Metal Architecture Home

Undulating Exterior

Aluminum composite material fins completely transform concrete arena

Nassau Dec17 9
Photos: Jamey Price Photography, courtesy of 3A Composites USA

A giant ring of undulating fins around Nassau Veterans Memorial Coliseum, Uniondale, N.Y., make it difficult to recall what the original building underneath looked like. It began as a concrete sports arena constructed in 1972. When it reopened in April, Nassau Coliseum had a new architectural identity and use as a multi-functional performance venue. The judges for the 2017 Metal Construction News Building and Roofing Awards were impressed by the building’s extraordinary transformation. They commended the modern design’s variation of simple forms and recognized it with a Judges Award.
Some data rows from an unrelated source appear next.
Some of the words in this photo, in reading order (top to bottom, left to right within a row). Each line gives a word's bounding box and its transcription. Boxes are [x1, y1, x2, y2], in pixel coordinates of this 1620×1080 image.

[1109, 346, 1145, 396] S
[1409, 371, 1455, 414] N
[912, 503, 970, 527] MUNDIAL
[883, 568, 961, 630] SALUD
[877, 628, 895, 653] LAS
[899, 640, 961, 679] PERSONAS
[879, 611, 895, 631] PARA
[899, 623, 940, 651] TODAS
To execute the design, SHoP Architects PC in New York City created highly detailed, three-dimensional, digital models based on laser scans of the original building. Several factors made precise measurements, fabrication and installation essential. First, all the components needed to be produced in factories, where fabricators used the models to generate production files. Second, during installation, the façade was built in assembled sections, which limited adjustments on the job site. And third, compounding the project’s complexity, 30,000 individual metal components including 4,700 angled fins were used.

Factory Fabrication

Vlad Sobot is president at Sobotec Ltd. in Hamilton, Ontario, Canada. His company fabricated the fins with 225,000 square feet of Statesville, N.C.-based 3A Composites USA Inc.’s 0.02-inch Alucobond PLUS aluminum composite material (ACM).
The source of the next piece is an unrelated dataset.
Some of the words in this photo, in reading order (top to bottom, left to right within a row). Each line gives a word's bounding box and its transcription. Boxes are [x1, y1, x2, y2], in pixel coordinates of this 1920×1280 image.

“Every single one [of the fins] was different, and every single end condition on each one of those was a different cut because they were going through a three-dimensional curvature, both up and down the X- and Y-axis, and Z-axis as well,” Sobot says.
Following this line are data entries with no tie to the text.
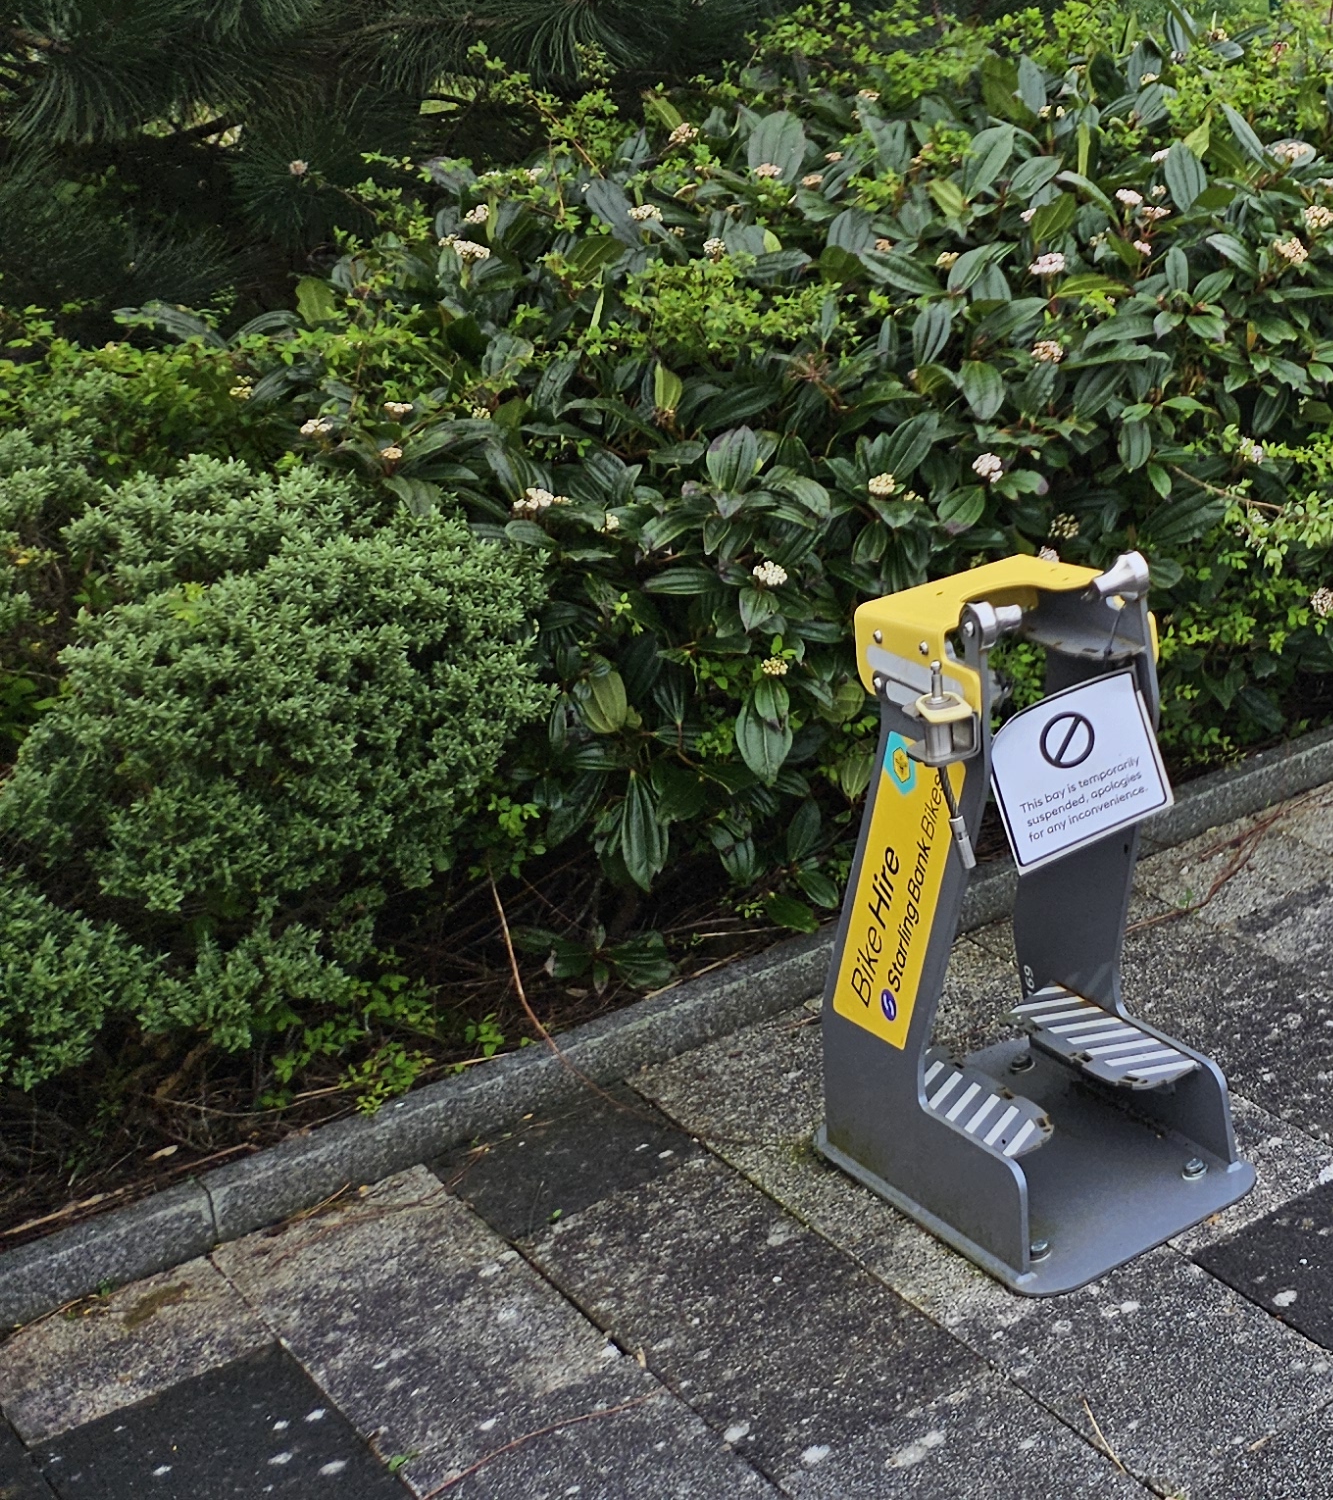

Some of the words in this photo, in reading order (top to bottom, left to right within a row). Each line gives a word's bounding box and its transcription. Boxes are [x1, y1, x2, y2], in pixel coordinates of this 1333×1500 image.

[1019, 796, 1044, 814] This
[1045, 787, 1066, 804] bay
[1067, 782, 1077, 794] is
[1078, 755, 1140, 788] temporarily
[1027, 794, 1090, 828] suspended,
[1090, 770, 1143, 800] apologies
[1028, 829, 1045, 843] for
[1046, 817, 1067, 835] any
[1068, 785, 1149, 825] inconvenience.
[887, 902, 920, 993] Starling
[908, 840, 932, 905] Bank
[921, 773, 944, 841] Bikes
[851, 925, 884, 1008] Bike
[868, 845, 900, 930] Hire
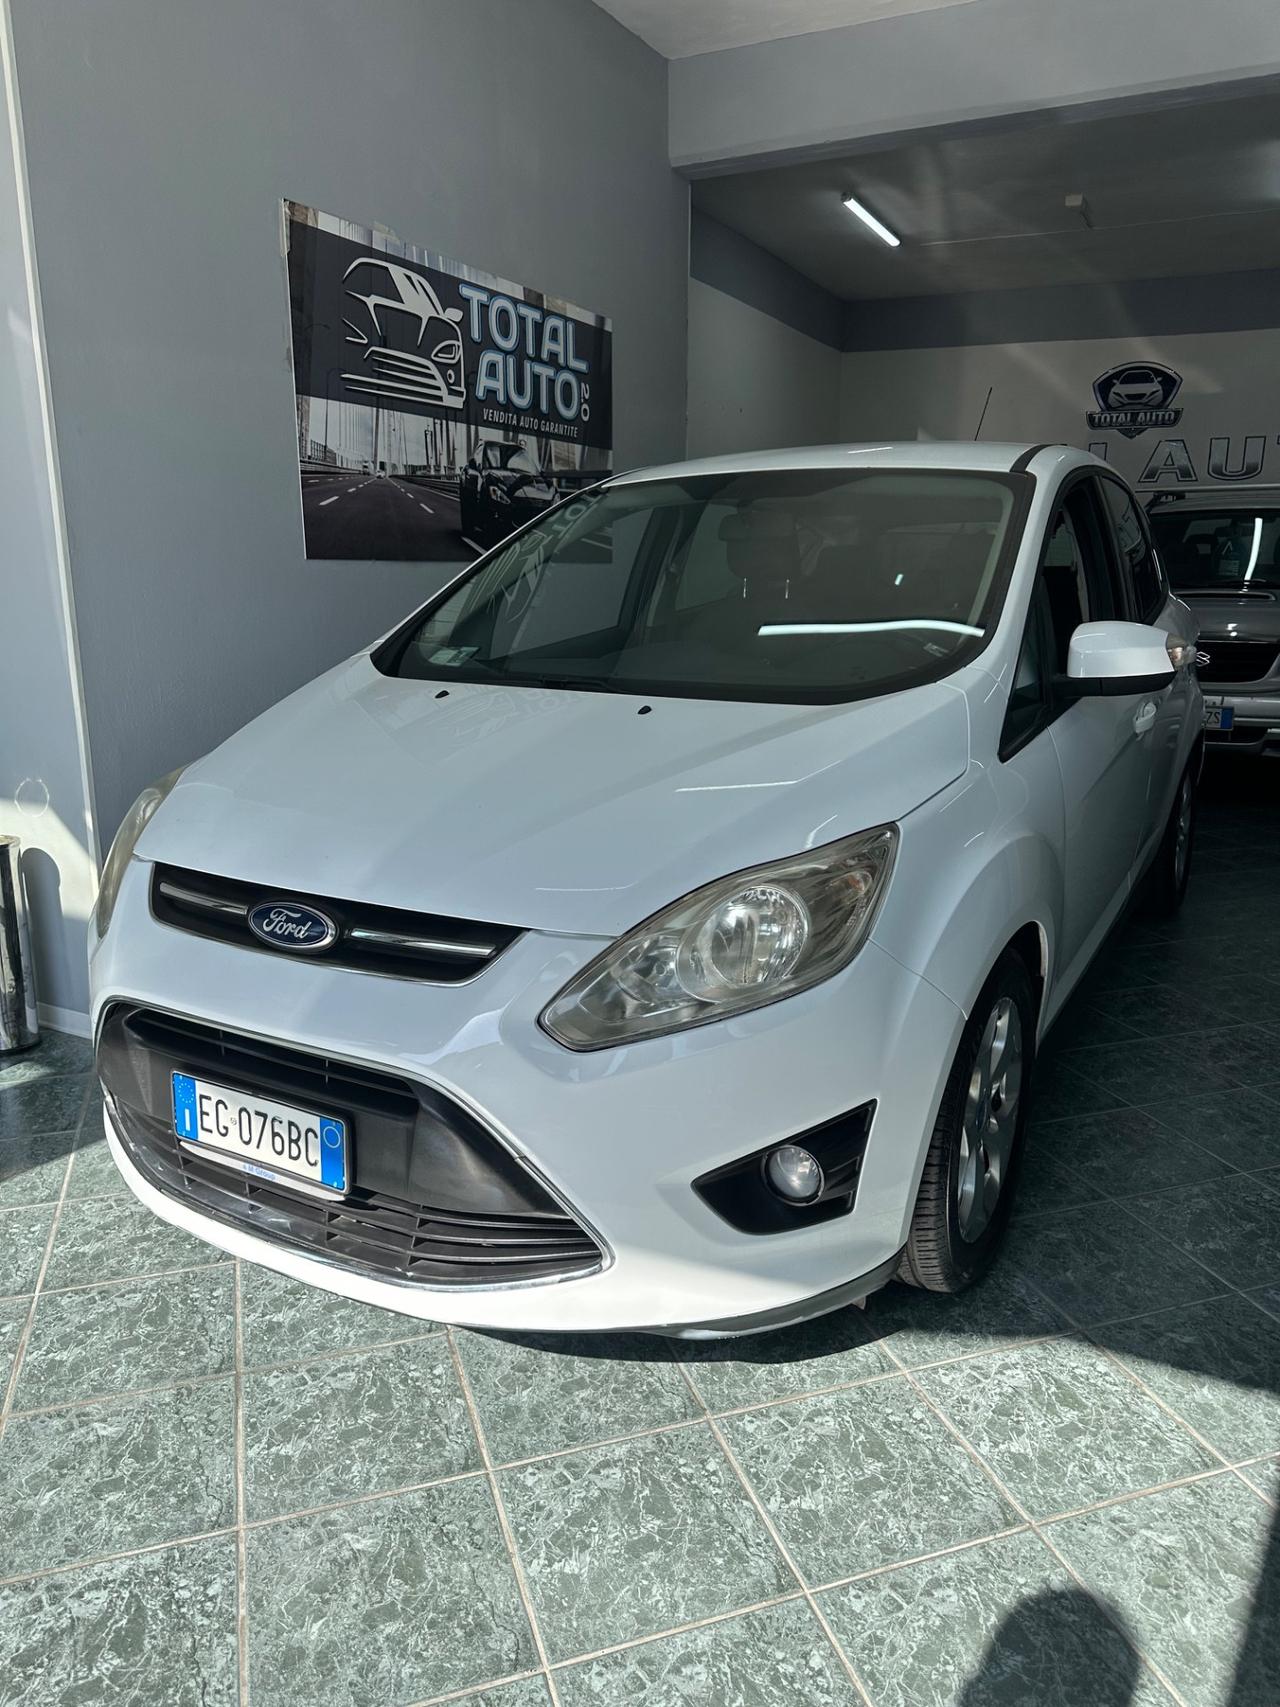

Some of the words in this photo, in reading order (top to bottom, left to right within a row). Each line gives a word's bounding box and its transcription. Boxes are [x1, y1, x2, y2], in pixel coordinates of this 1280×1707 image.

[459, 284, 589, 374] TOTAL
[475, 350, 581, 420] AUTO
[483, 408, 517, 426] VENDITA
[520, 416, 538, 430] AUTO
[541, 420, 578, 438] GARANTITE
[1092, 412, 1133, 426] TOTAL
[1136, 411, 1175, 426] AUTO
[1138, 436, 1280, 483] AU
[262, 908, 313, 939] Ford
John Cerone, LEED, is associate principal director of virtual design and construction at SHoP Architects. “We knew this would be a complicated folding and routing process,” Cerone says. “We wanted clean lines and several fields of interest to look at as you walk closer to the individual fins.”

Sectional Installation

To develop a support structure for the fins to attach to the concrete, SHoP Architects, Sobotec and Gary, Ind.-based Crown Corr Inc., the installer, coordinated with DSI Spaceframes Inc. in Addison, Ill. Crews assembled the space-frame and fins in sections, or bays, between the original building’s concrete columns. Oprea was impressed the entire project was built based on digital models. “One entire bay, which was roughly 32 feet wide and 50 feet tall, that assembly was hoisted and attached to the building,” he says. “You’re just building it on the ground per the drawings, hoisting it, and it looks like it was always supposed to be there.”